Because I'd already built my building, I had to trim the interiors a bit to get them through the floor opening. Wiring them was a bit harder. The provided LED-on-a-tiny-board is compatible with Woodland Scenics 'Just Plug' system, which uses 12 VDC and JST 2.5 mm connectors. I got some 'male' connectors on-line (Just Plug lights have 'female' connectors with metal sockets inside a plastic housing that looks kind of 'male) and connected them up:



This blurred shot (sorry) is with my 'walk around' LED strip lighting on. The Roomettes lights are too bright for me at 12V. I haven't decided whether to buy one of the W-S dimming hubs, or just add a resistor to the circuit.
jbvb Posted - 11/05/2019 : 11:02:51 PM
Thanks, Mike & Pete. BEST doesn't provide a prototype photo of the 'Little House' part of this 'Big House, Little House' kit (I'm building the Little House separately). The chimney might have been tall to get smoke above the Big House's windows. Or it might have been so the 4-6 flues in it would draw well. If I don't like it this way, I can shorten it or punch it through the roof. But maybe it got extended when Batterman Press built across the street and the DAR ladies started getting downdrafts when the wind was east (as it often is in Bexley).
Orionvp17 Posted - 11/05/2019 : 10:28:55 PM
James,

I think the 6/6 is a good choice and yes, the chimney looks tall. Looking forward to more of this!

Pete
in Michigan
Michael Hohn Posted - 11/05/2019 : 10:14:38 PM
I like the looks of the house you’re doing. Nice proportions, although the chimney seems rather too tall.

Very New Englandy.

Mike
jbvb Posted - 11/05/2019 : 8:09:15 PM
1/16" square bracing is adequate so far on this particular structure. But all 4 walls and the roof are 2 laminated layers. At any rate, it stood up to me shaving the new window openings with a #11 blade to fit the windows I came up with from the stash.

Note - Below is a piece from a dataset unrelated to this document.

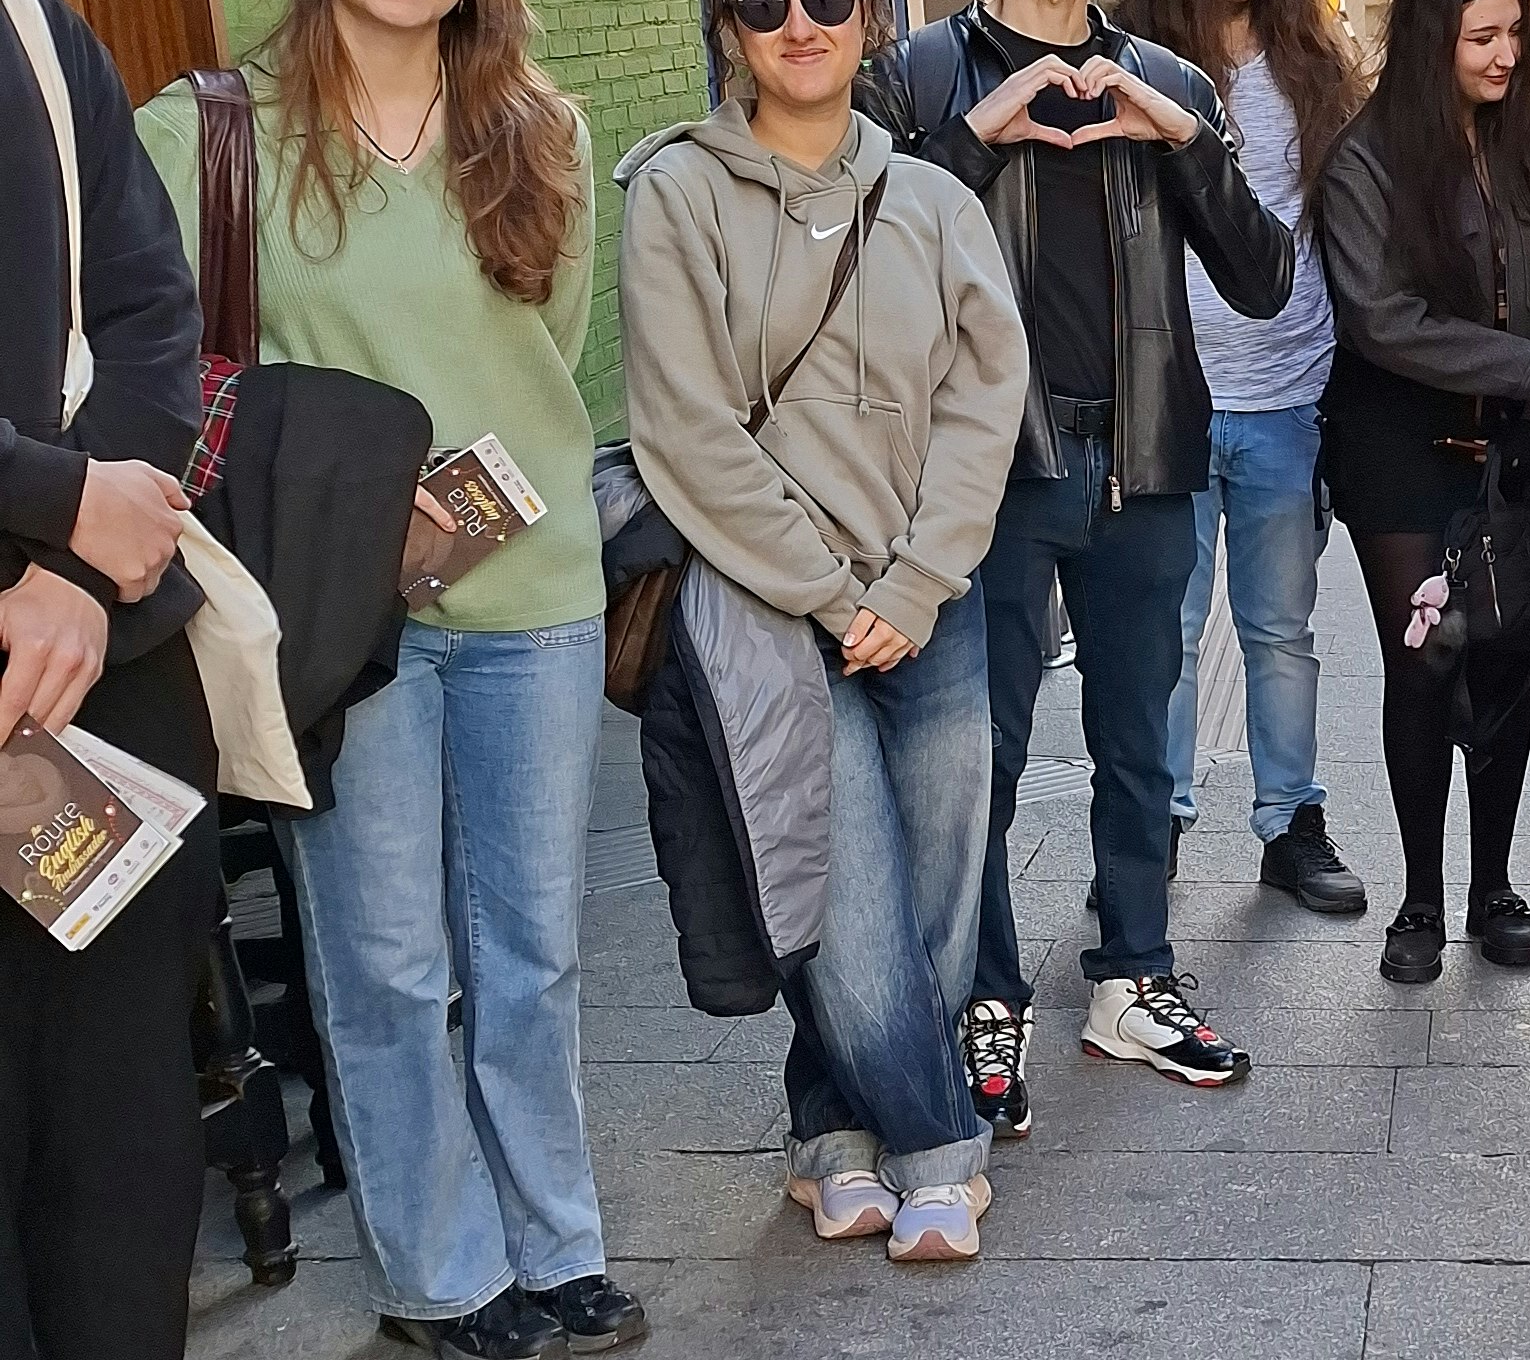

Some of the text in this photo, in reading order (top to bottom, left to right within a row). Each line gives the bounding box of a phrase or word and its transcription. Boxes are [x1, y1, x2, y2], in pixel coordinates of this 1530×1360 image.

[447, 488, 488, 537] Ruta
[18, 802, 83, 866] Route
[39, 815, 96, 879] English

BEST's instructions show all the big windows as 4-over-4, but somehow I wound up with two 6-over-6s, much more appropriate for a surviving structure of this age (pre-1750).



Micro Engineering 28x50" windows are very close to the kit's middle-sized windows, and let me model one open a crack.



The Ritchie-Gilbert house doesn't match its neighborhood, This is intentional and of course there is a story, which I'll tell when house & diorama are finished.
Orionvp17 Posted - 10/17/2019 : 8:58:46 PM
Looking good, James. Would love to know how the 1/16" bracing works out. I've always used 1/8" square, "just because."

Pete
in Michigan
jbvb Posted - 10/17/2019 : 8:53:20 PM
Thanks, Mike & Pete. Today was pretty wet, but with the wood stove going I dried off quickly.

The house is a little farther along. BEST recommended pre-painting the parts, but I have better luck gluing bare wood surfaces.



I've also added 1/16" square reinforcement in the corners. The stock roof is about 3/16" too short with the new end wall. I haven't decided to extend the stock parts or make new. After Seashore track work tomorrow, glue will be dry and I'll revisit.
Tyson Rayles Posted - 10/17/2019 : 06:05:22 AM
Good looking scene!
Orionvp17 Posted - 10/16/2019 : 10:08:18 PM
Looks like a fun project, James! Please keep the pix coming!

Stay dry, too!

Pete
in Michigan
jbvb Posted - 10/16/2019 : 10:00:44 PM
Room lights would dodge the headlight issue, but then the sloping ceiling looms over the scene.

I'm back to working on a couple of projects on Franklin St. The big acrylic carcass that will become Batterman Press now has its first laminated styrene 'concrete' beam. Happily, the acrylic cement didn't affect the well-dried Floquil. But it won't be photogenic till I work out how to do the masonry windows.



There's also what I plan to call the Ritchie-Gilbert House, which goes behind the Coco Club. I'm using the 'extension' part of the BEST kit here; the main house will go elsewhere. The clamps are on the end wall I fabricated to match the kit's.